<春季東京都高等学校野球大会:明大八王子6-3東大和>◇6日◇2回戦◇スリーボンドスタジアム八王子

 昨秋都大会ベスト8の明大八王子が3回戦進出。エース右腕・上原 和玖投手(3年)が9回を投げ切って初戦突破に貢献した。

 背番号「1」がマウンドで躍動した。上原は1年時夏の西東京都大会準決勝でも先発を任されるなど、下級生の頃から公式戦のマウンドを踏んできた。指揮を取る椙原 貴文監督も「『彼で打たれたら仕方がない』と思わせる歩みを3年間積んできた。
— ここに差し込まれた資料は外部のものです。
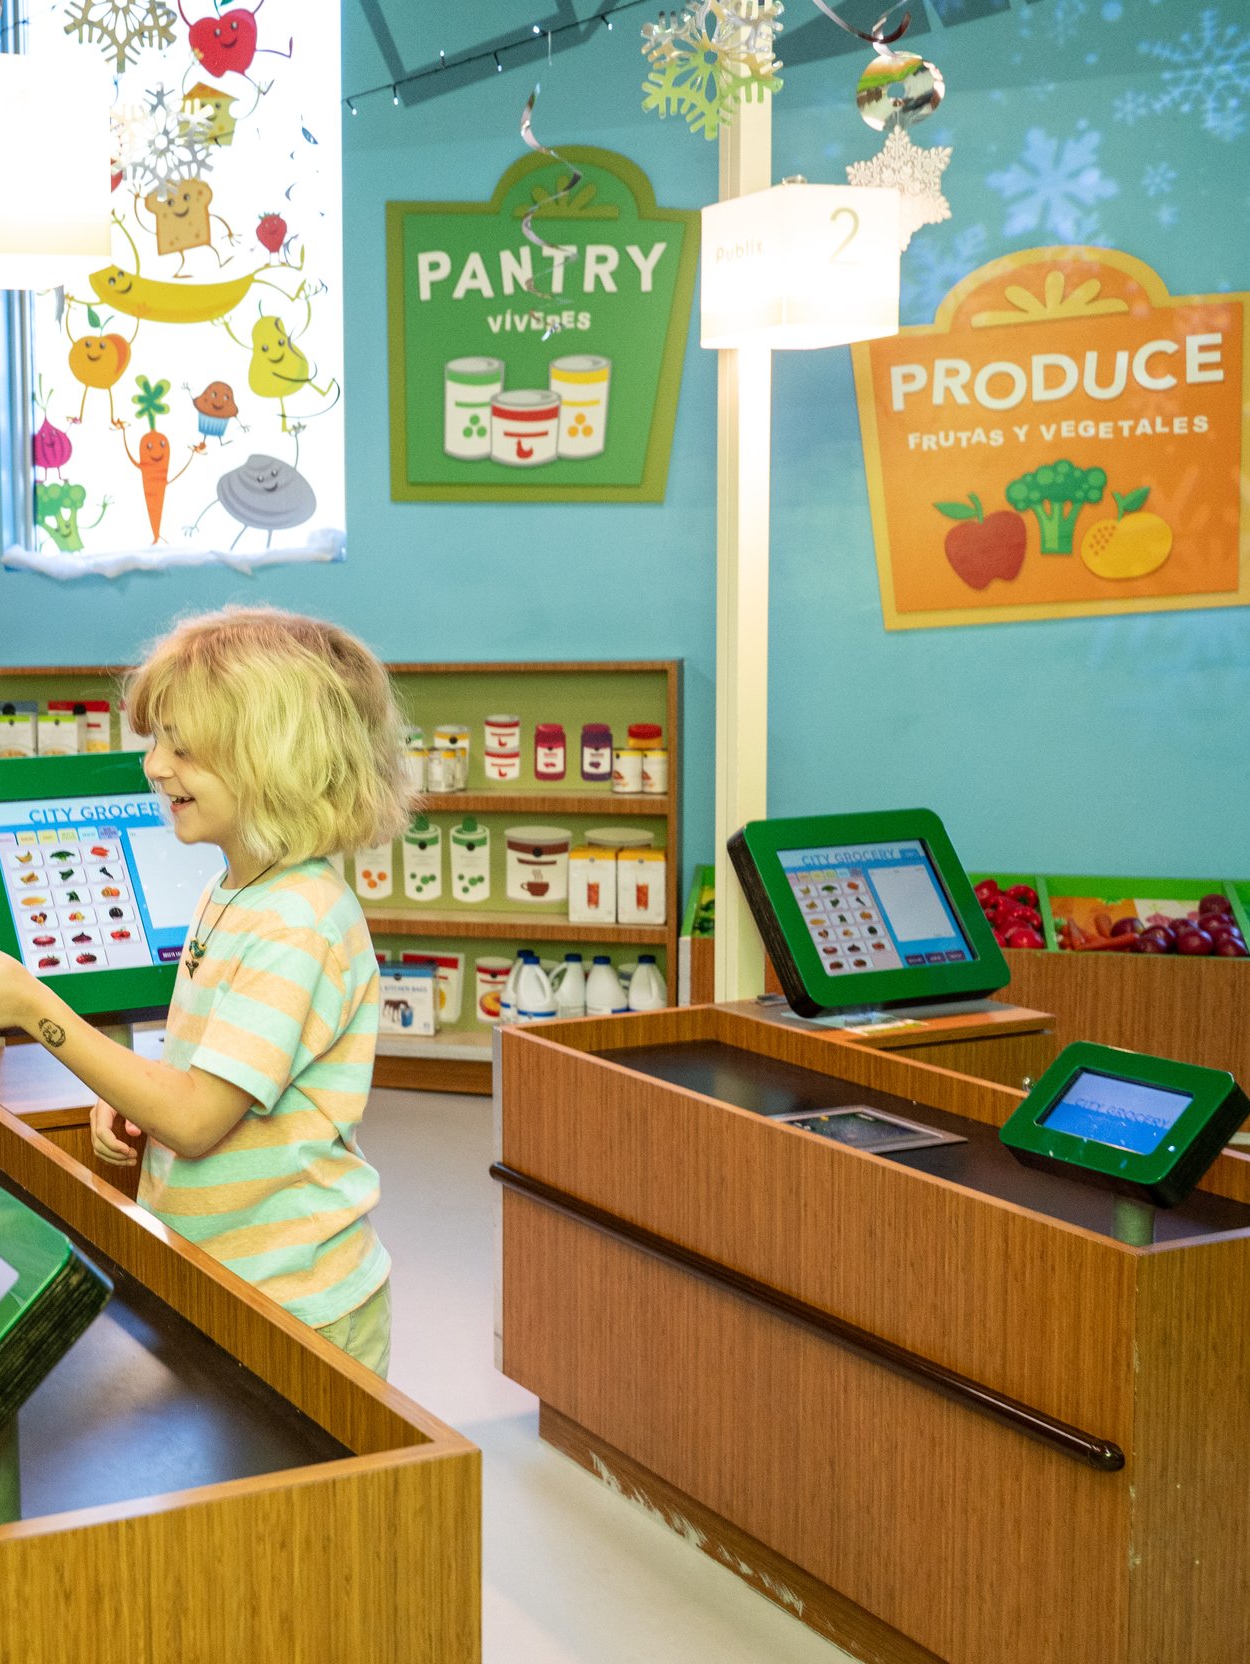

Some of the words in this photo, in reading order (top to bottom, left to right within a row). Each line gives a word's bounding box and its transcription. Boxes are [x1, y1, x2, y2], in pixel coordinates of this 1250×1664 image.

彼がマウンドに立つべき存在だし、そこにいることで安心感を持たせられるのがチームとしての強み」と手放しで称賛するほど厚い信頼を寄せている。

 この試合でも9回131球の熱投で3失点完投。ピンチを背負いながらも、「チームメイトに助けられた」(上原)と粘りの投球が光った。「3年生としてやらなければいけないという感覚もあったが、チームの勝利を優先して投げました」と逆転を許すことなく最後までマウンドを譲らなかった。指揮官も「3年生となり責任や緊張もあると思う。今は葛藤するなかで壁を乗り越える段階なので、最後の1イニングや点を取られた後の投球はいい経験になった」と語っていた。

 ラストイヤーを前にフィジカルの向上を心がけ、入学時から15キロ近く増量に成功した。アンダースローを駆使した投球が特徴的な右腕は「緩急や高低、前後左右全てをうまく使う投球目指したい」とさらなる成長を誓っている。最終学年で「1」が飛躍することを期待したい。